Deep calibration of rough stochastic volatility models

TL;DR

This paper introduces a fast and accurate calibration method for rough stochastic volatility models by combining neural network regression with traditional calibration routines, significantly reducing computational costs.

Contribution

It presents a novel approach that replaces costly Monte Carlo simulations with neural network approximations for efficient model calibration.

Findings

Neural network regression achieves high accuracy in approximating implied volatility maps.

The proposed method significantly speeds up the calibration process.

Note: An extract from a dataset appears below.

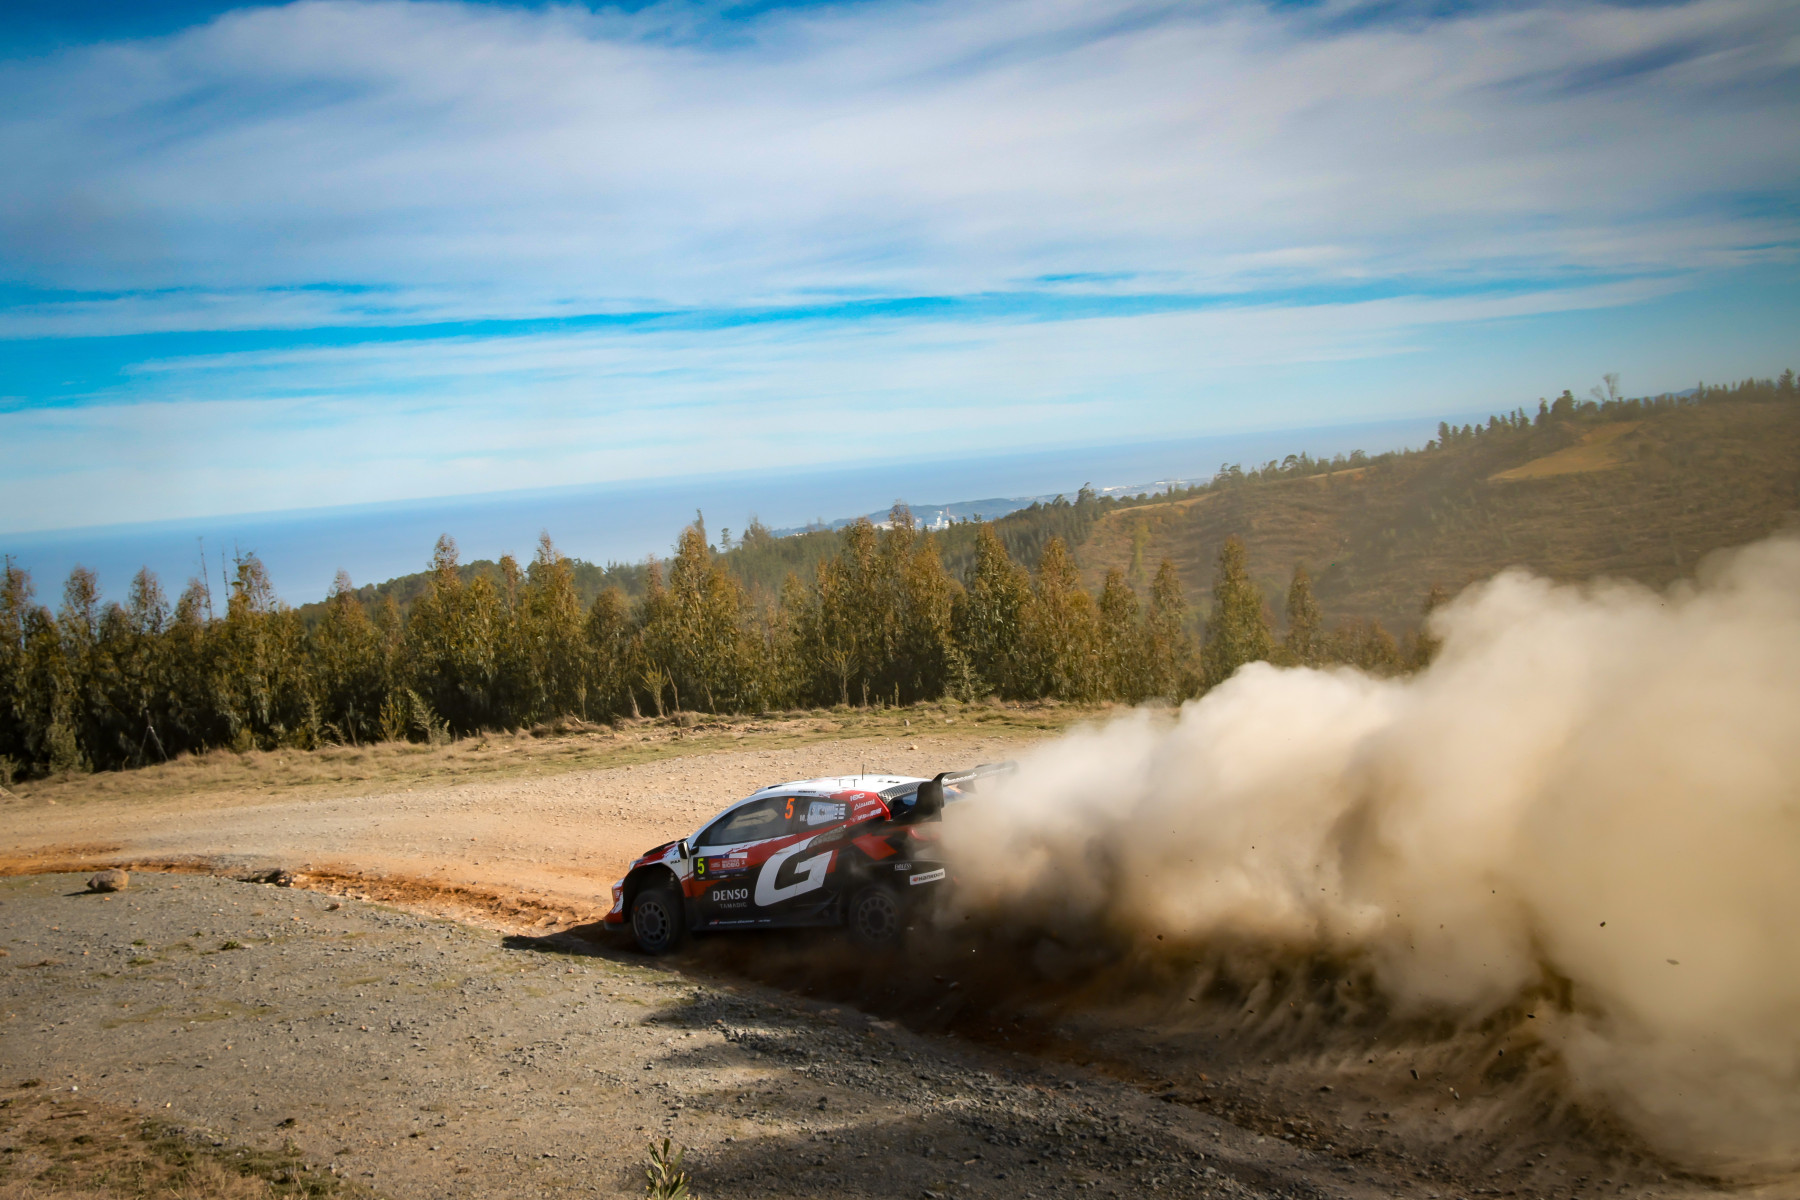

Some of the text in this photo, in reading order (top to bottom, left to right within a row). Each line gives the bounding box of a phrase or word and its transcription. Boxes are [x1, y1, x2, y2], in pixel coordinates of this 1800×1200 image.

[785, 798, 795, 819] 5
[697, 858, 705, 874] 5
[713, 888, 748, 901] DENSO

Numerical experiments demonstrate the effectiveness of the approach.

Abstract

Sparked by Al\`os, Le\'on, and Vives (2007); Fukasawa (2011, 2017); Gatheral, Jaisson, and Rosenbaum (2018), so-called rough stochastic volatility models such as the rough Bergomi model by Bayer, Friz, and Gatheral (2016) constitute the latest evolution in option price modeling. Unlike standard bivariate diffusion models such as Heston (1993), these non-Markovian models with fractional volatility drivers allow to parsimoniously recover key stylized facts of market implied volatility surfaces such as the exploding power-law behaviour of the at-the-money volatility skew as time to maturity goes to zero. Standard model calibration routines rely on the repetitive evaluation of the map from model parameters to Black-Scholes implied volatility, rendering calibration of many (rough) stochastic volatility models prohibitively expensive since there the map can often only be approximated by costly Monte Carlo (MC) simulations (Bennedsen, Lunde, & Pakkanen, 2017; McCrickerd & Pakkanen, 2018; Bayer et al., 2016; Horvath, Jacquier, & Muguruza, 2017). As a remedy, we propose to combine a standard Levenberg-Marquardt calibration routine with neural network regression, replacing expensive MC simulations with cheap forward runs of a neural network trained to approximate the implied volatility map. Numerical experiments confirm the high accuracy and speed of our approach.